In full and without alteration, print the records below, minus any images.
--- INPUT FOR THIS TASK ---
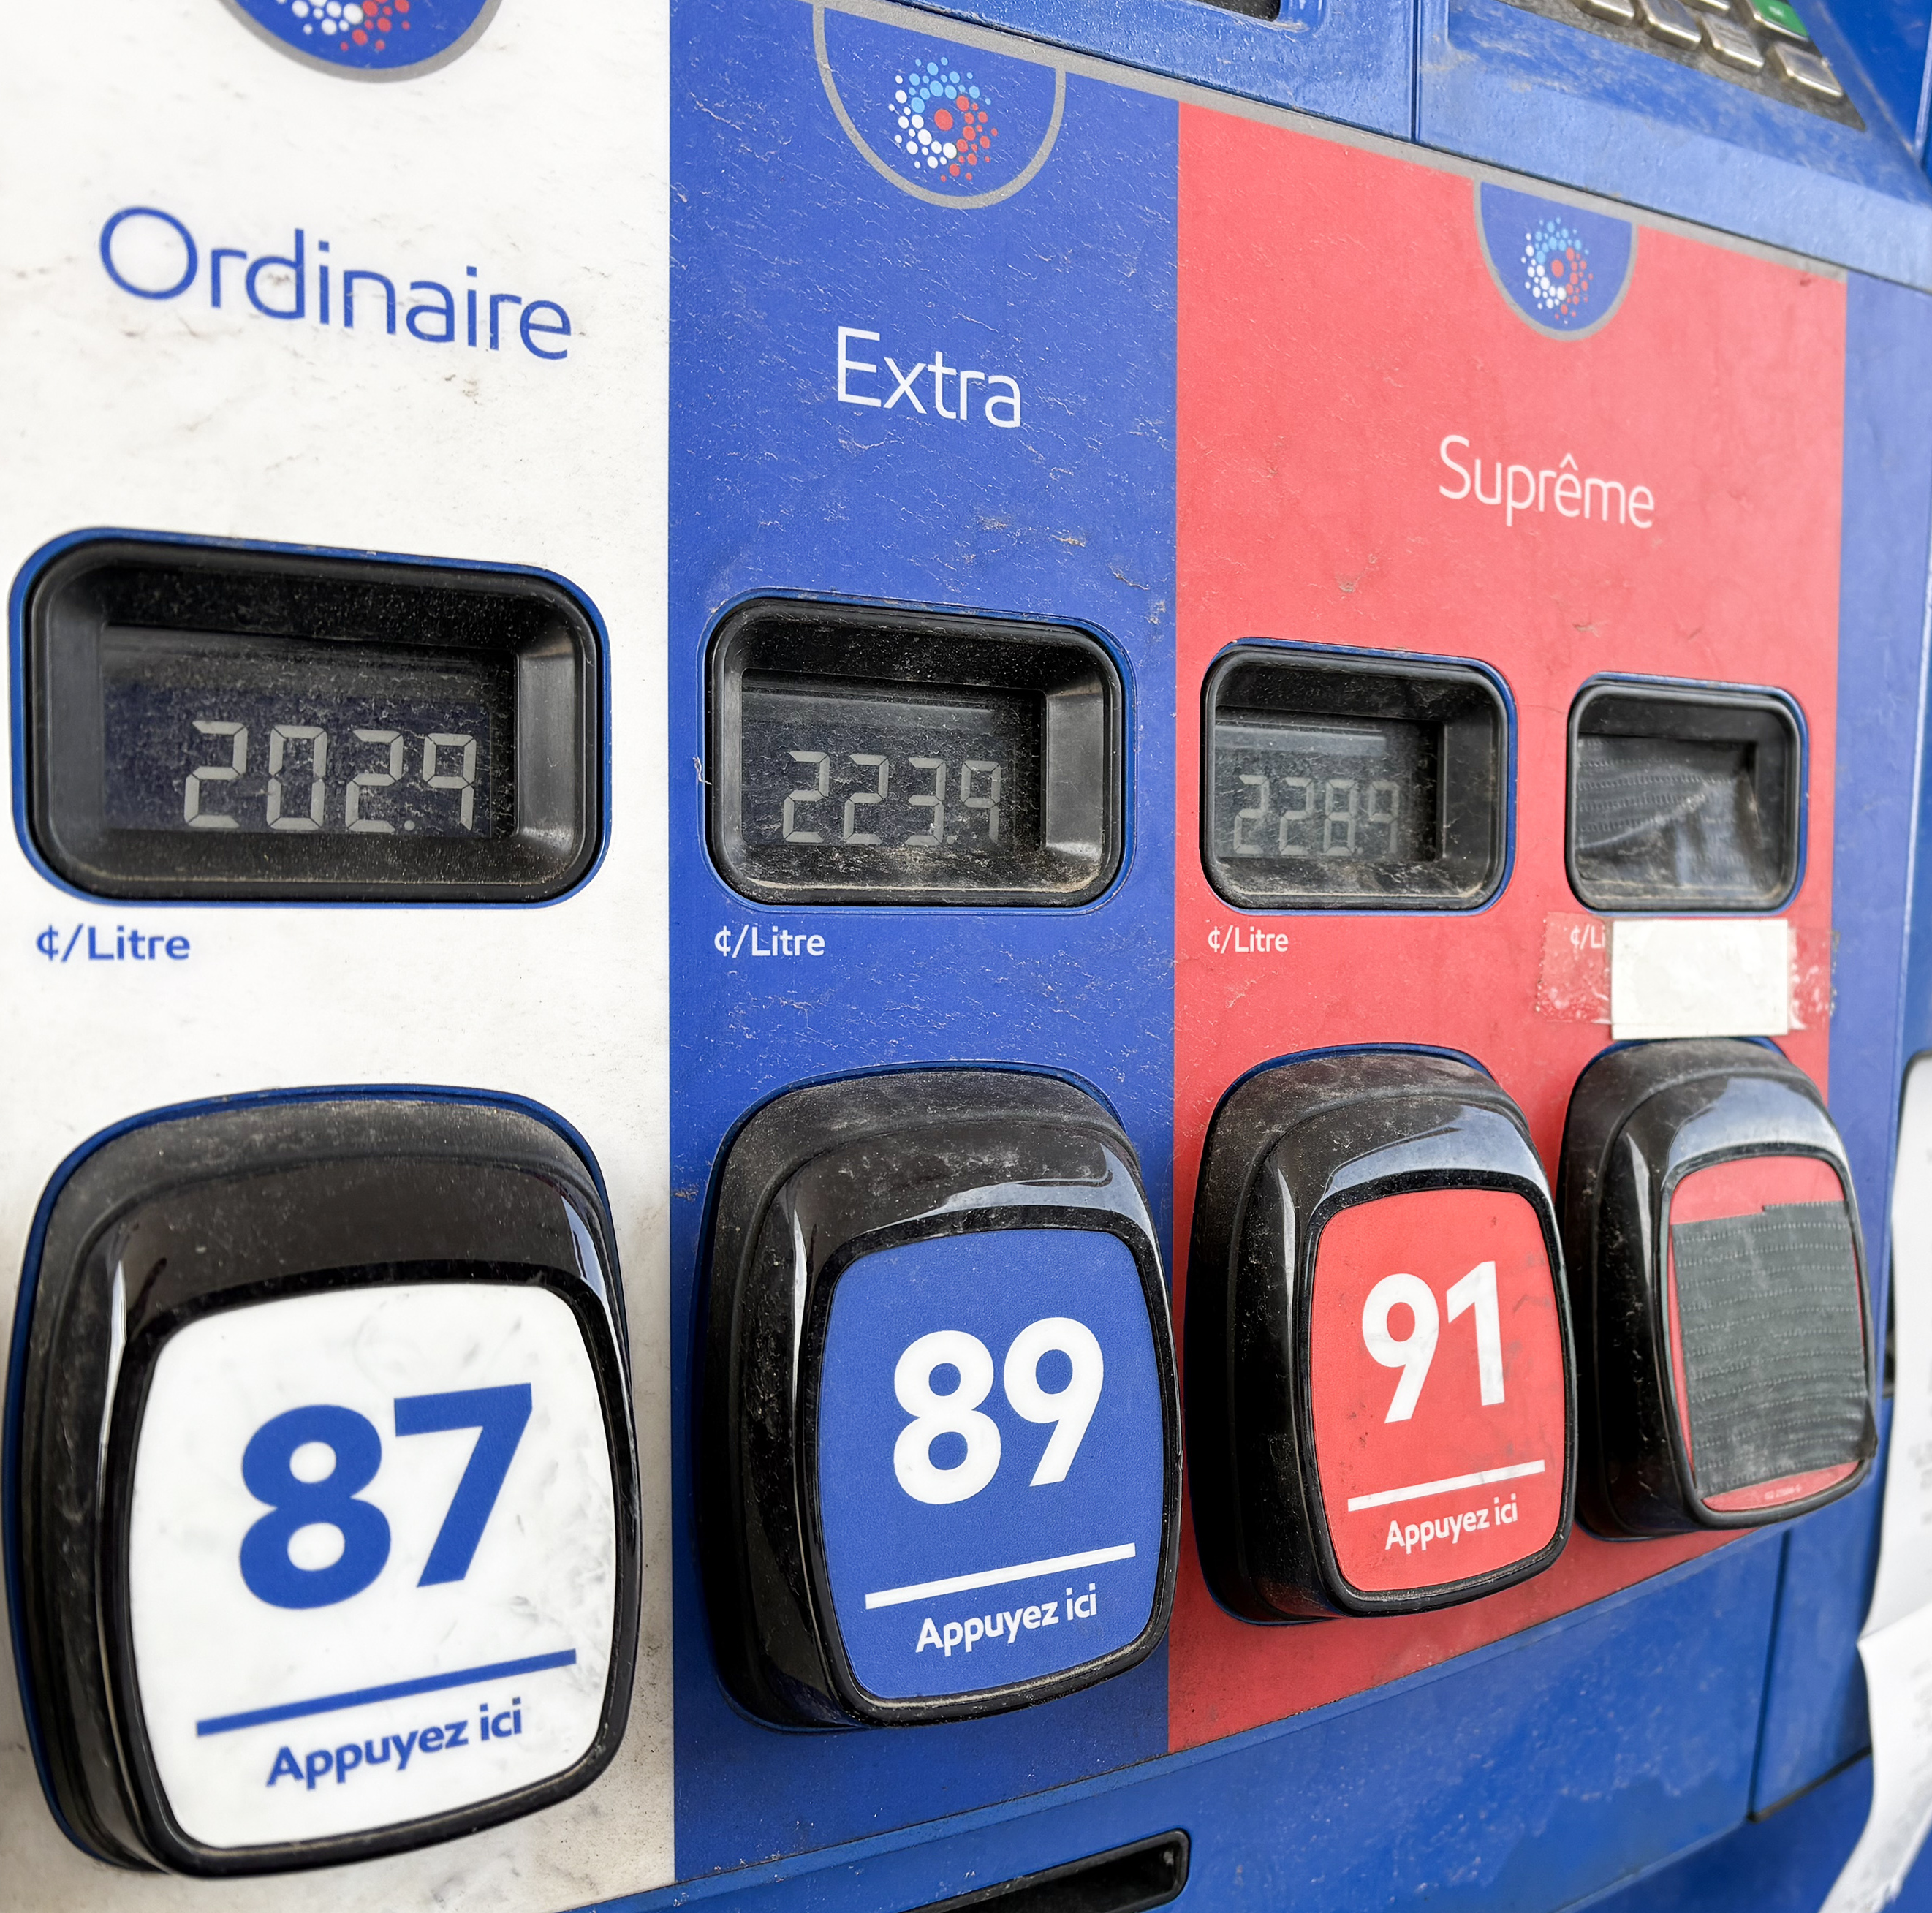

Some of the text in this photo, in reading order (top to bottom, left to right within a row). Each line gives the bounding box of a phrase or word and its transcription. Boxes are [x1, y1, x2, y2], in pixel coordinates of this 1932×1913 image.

[99, 205, 572, 360] Ordinaire
[838, 325, 1021, 428] Extra
[1439, 434, 1655, 529] Suprême
[183, 720, 477, 833] 202.9
[36, 923, 191, 963] ¢/Litre
[713, 924, 826, 958] ¢/Litre
[1208, 925, 1289, 955] ¢/Litre
[1569, 923, 1606, 950] ¢/Li
[1362, 1260, 1506, 1424] 91
[893, 1317, 1105, 1505] 89
[239, 1382, 533, 1610] 87
[1384, 1493, 1518, 1555] Appuyez ici
[915, 1582, 1098, 1657] Appuyez ici
[265, 1696, 523, 1791] Appuyez ici
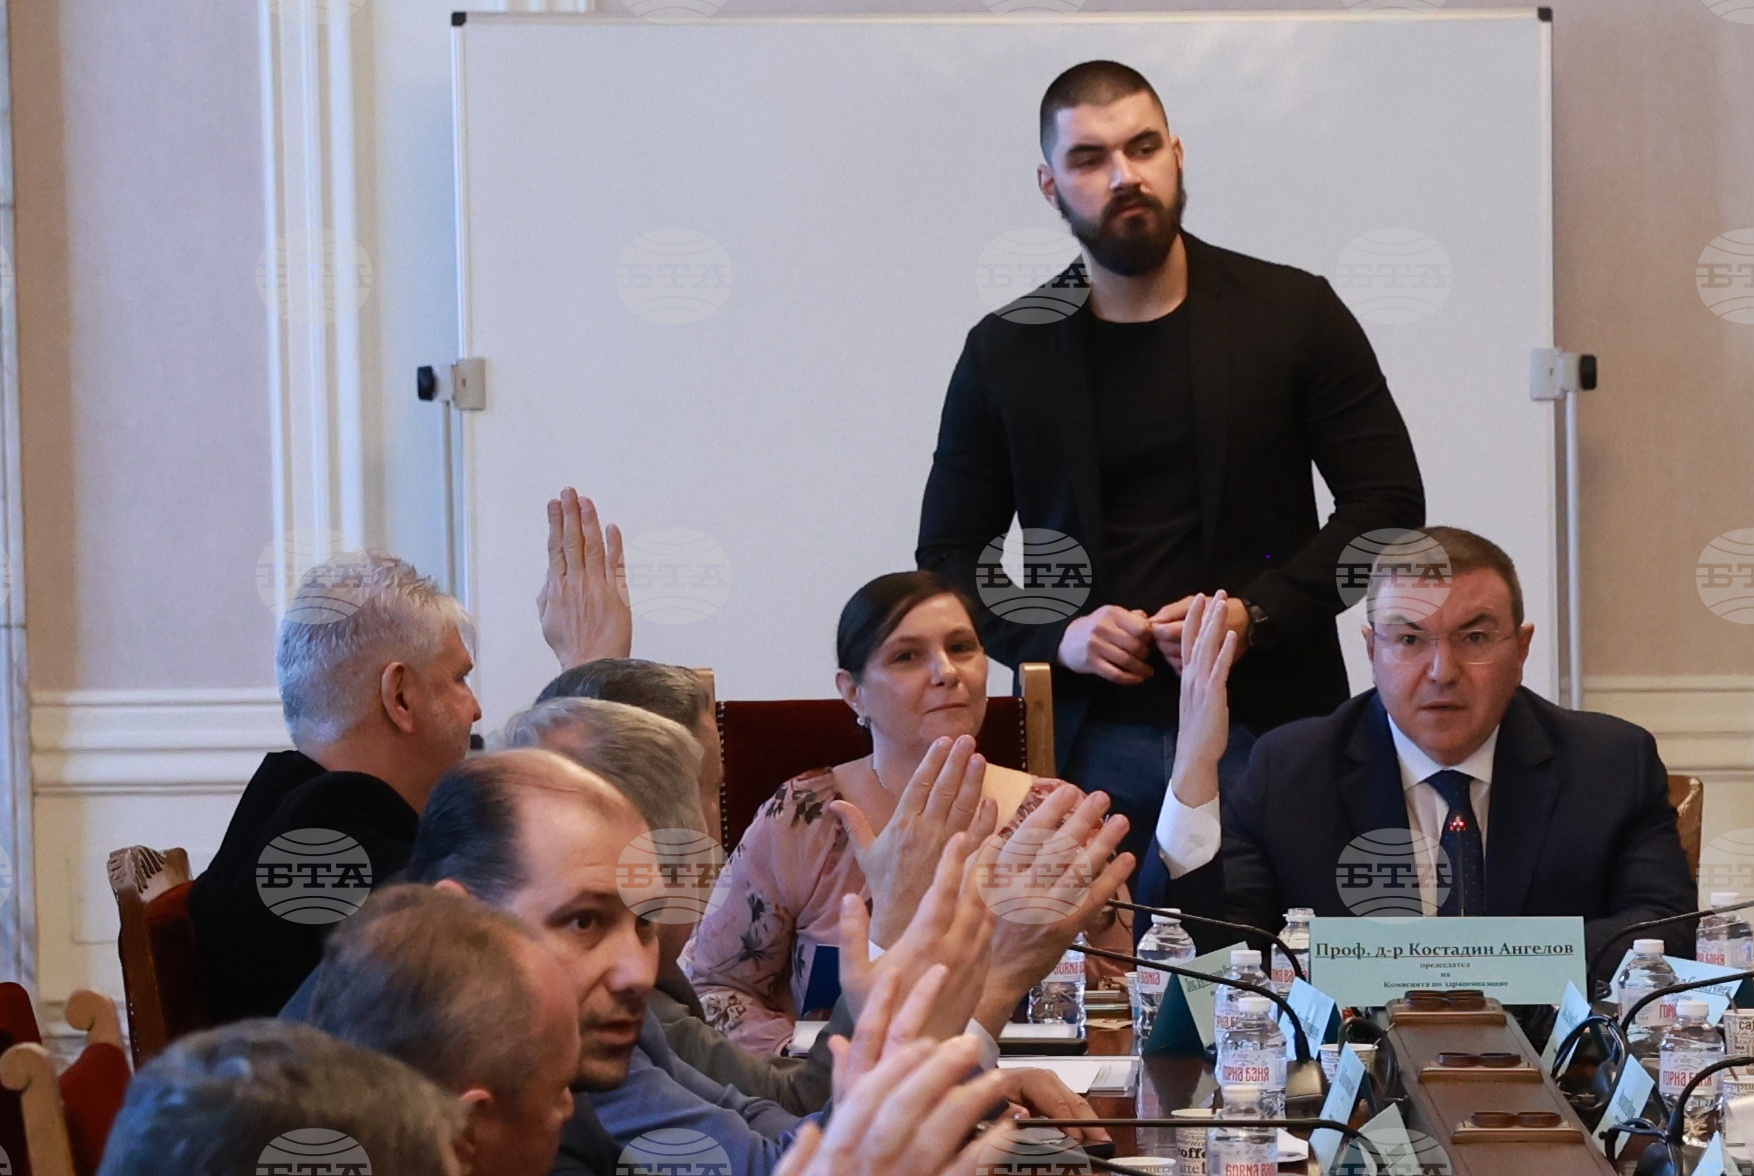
---
• **RESULT BELOW**
Some of the text in this photo, in reading order (top to bottom, left to right within a row). Each line gives the bounding box of a phrase or word and its transcription. Boxes are [x1, y1, x2, y2], in pixel coordinates of this 1932×1913 image.

[99, 205, 572, 360] Ordinaire
[838, 325, 1021, 428] Extra
[1439, 434, 1655, 529] Suprême
[183, 720, 477, 833] 202.9
[36, 923, 191, 963] ¢/Litre
[713, 924, 826, 958] ¢/Litre
[1208, 925, 1289, 955] ¢/Litre
[1569, 923, 1606, 950] ¢/Li
[1362, 1260, 1506, 1424] 91
[893, 1317, 1105, 1505] 89
[239, 1382, 533, 1610] 87
[1384, 1493, 1518, 1555] Appuyez ici
[915, 1582, 1098, 1657] Appuyez ici
[265, 1696, 523, 1791] Appuyez ici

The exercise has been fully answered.